START Data shown
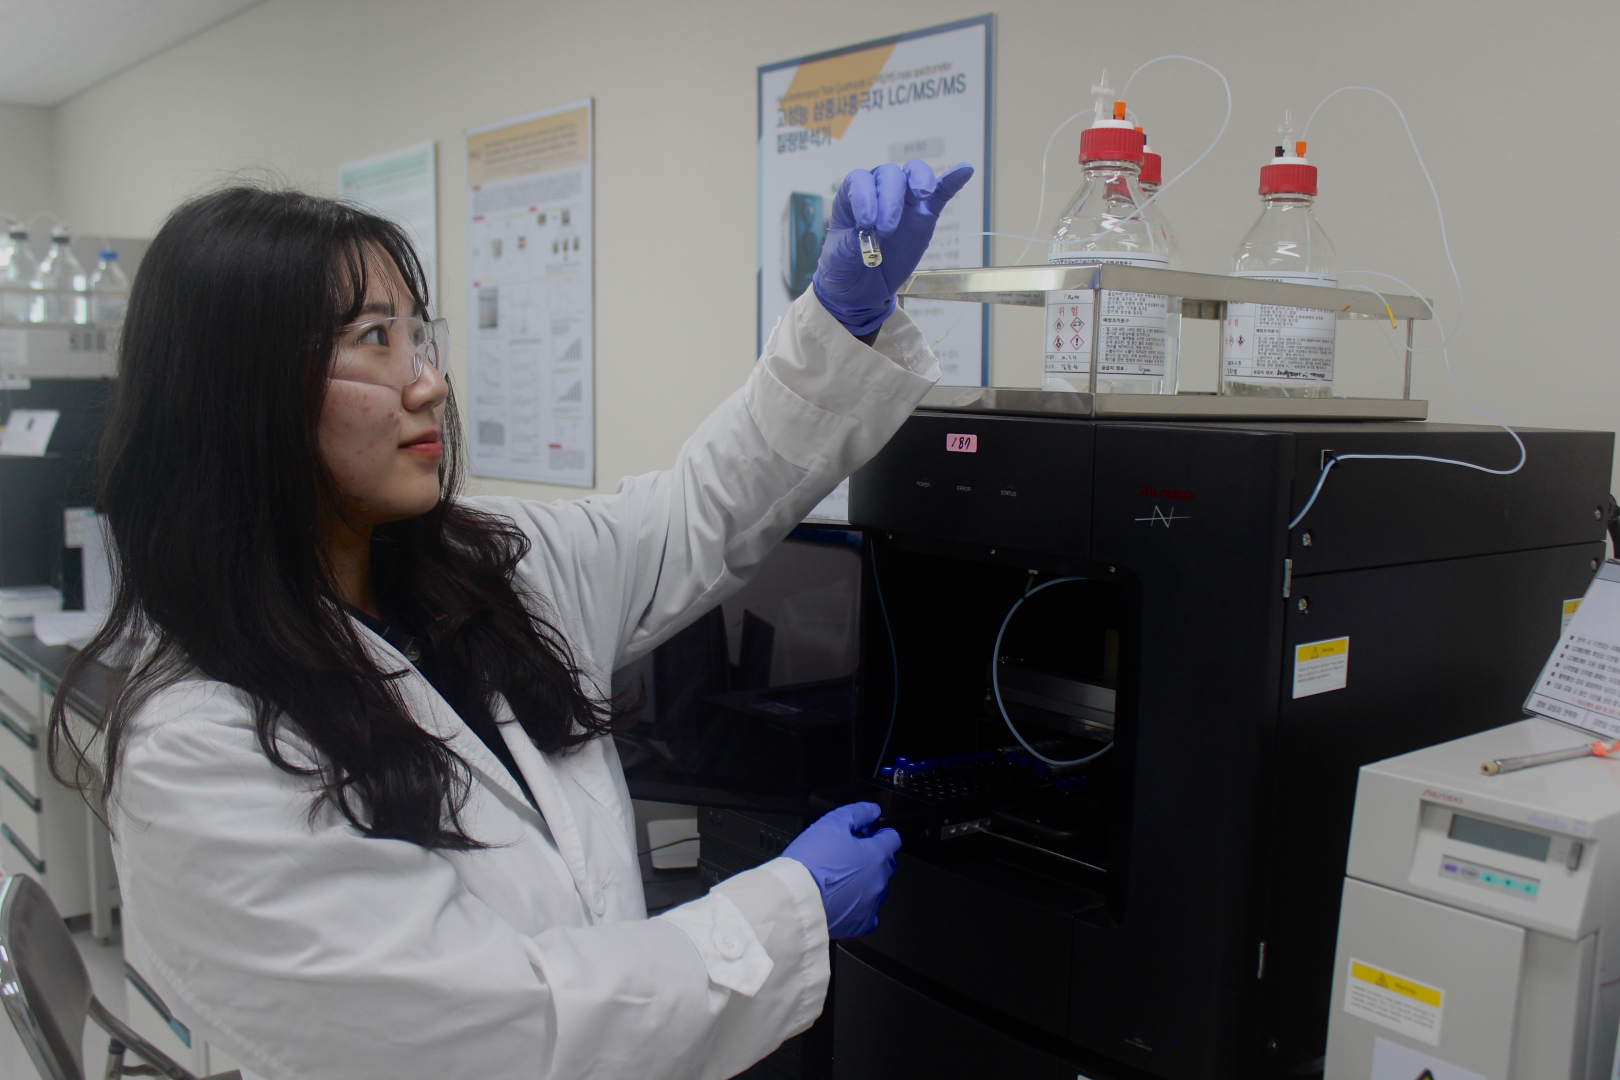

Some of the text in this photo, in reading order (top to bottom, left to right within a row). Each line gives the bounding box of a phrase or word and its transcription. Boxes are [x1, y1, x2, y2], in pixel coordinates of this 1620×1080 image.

[776, 72, 967, 128] 고성능 삼중사중극자 LC/MS/MS
[776, 125, 832, 154] 질량분석기
[1058, 306, 1078, 316] 위 험
[1136, 485, 1194, 501] SHISEIDO
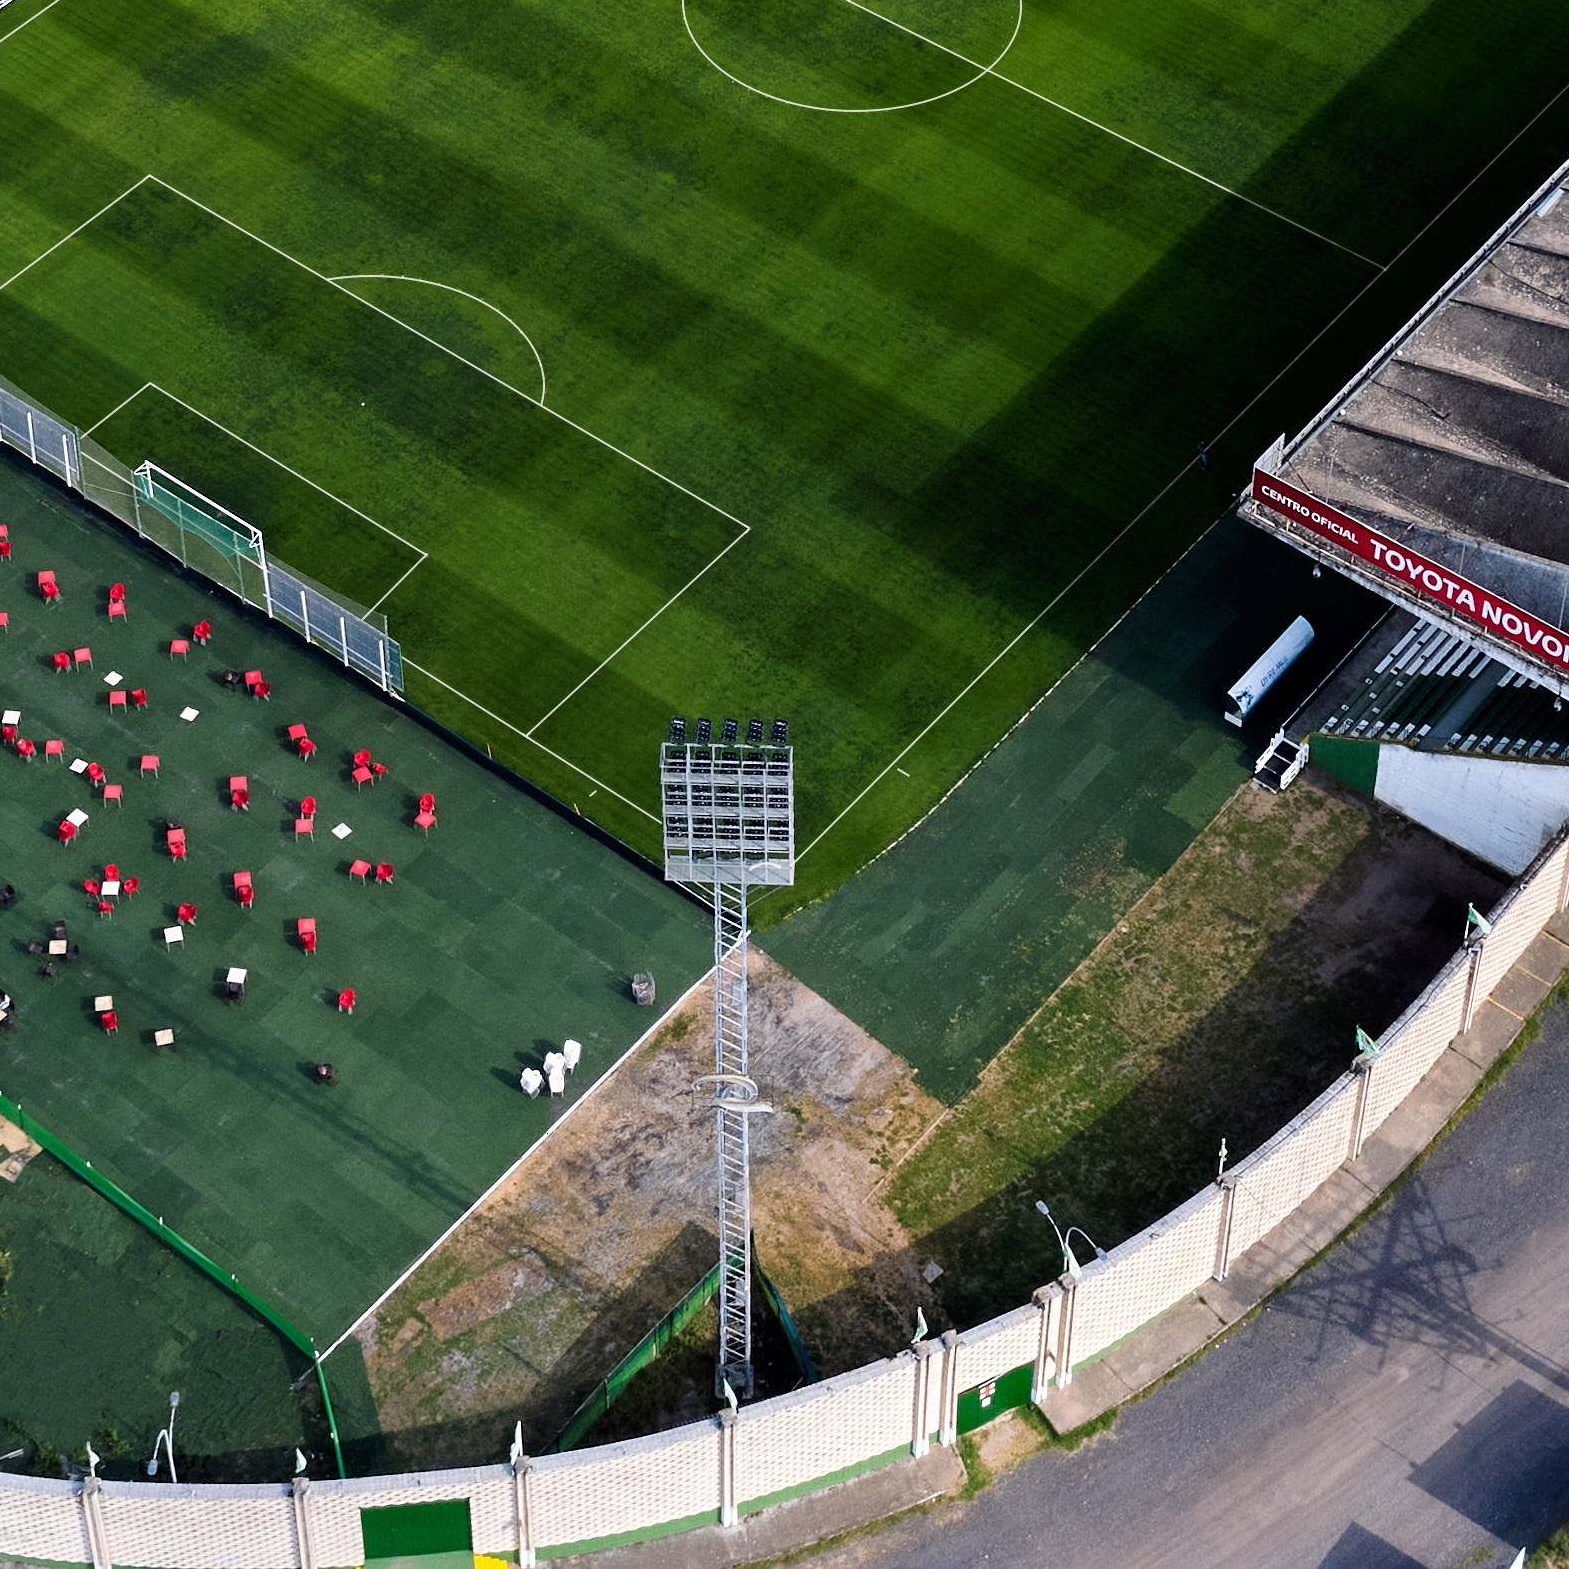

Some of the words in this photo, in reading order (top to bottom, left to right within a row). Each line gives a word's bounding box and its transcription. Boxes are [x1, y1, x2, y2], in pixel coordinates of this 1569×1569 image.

[1261, 485, 1311, 517] CENTRO
[1311, 512, 1359, 544] OFICIAL
[1369, 539, 1476, 612] TOYOTA
END Data shown
▸ The problem
Write out every entry again word for word, without any of the pictures.

▸ Completed task
Some of the text in this photo, in reading order (top to bottom, left to right within a row). Each line gives the bounding box of a phrase or word and its transcription. Boxes are [x1, y1, x2, y2], in pixel coordinates of this 1620×1080 image.

[776, 72, 967, 128] 고성능 삼중사중극자 LC/MS/MS
[776, 125, 832, 154] 질량분석기
[1058, 306, 1078, 316] 위 험
[1136, 485, 1194, 501] SHISEIDO

Some of the words in this photo, in reading order (top to bottom, left to right within a row). Each line gives a word's bounding box and its transcription. Boxes are [x1, y1, x2, y2], in pixel coordinates of this 1569×1569 image.

[1261, 485, 1311, 517] CENTRO
[1311, 512, 1359, 544] OFICIAL
[1369, 539, 1476, 612] TOYOTA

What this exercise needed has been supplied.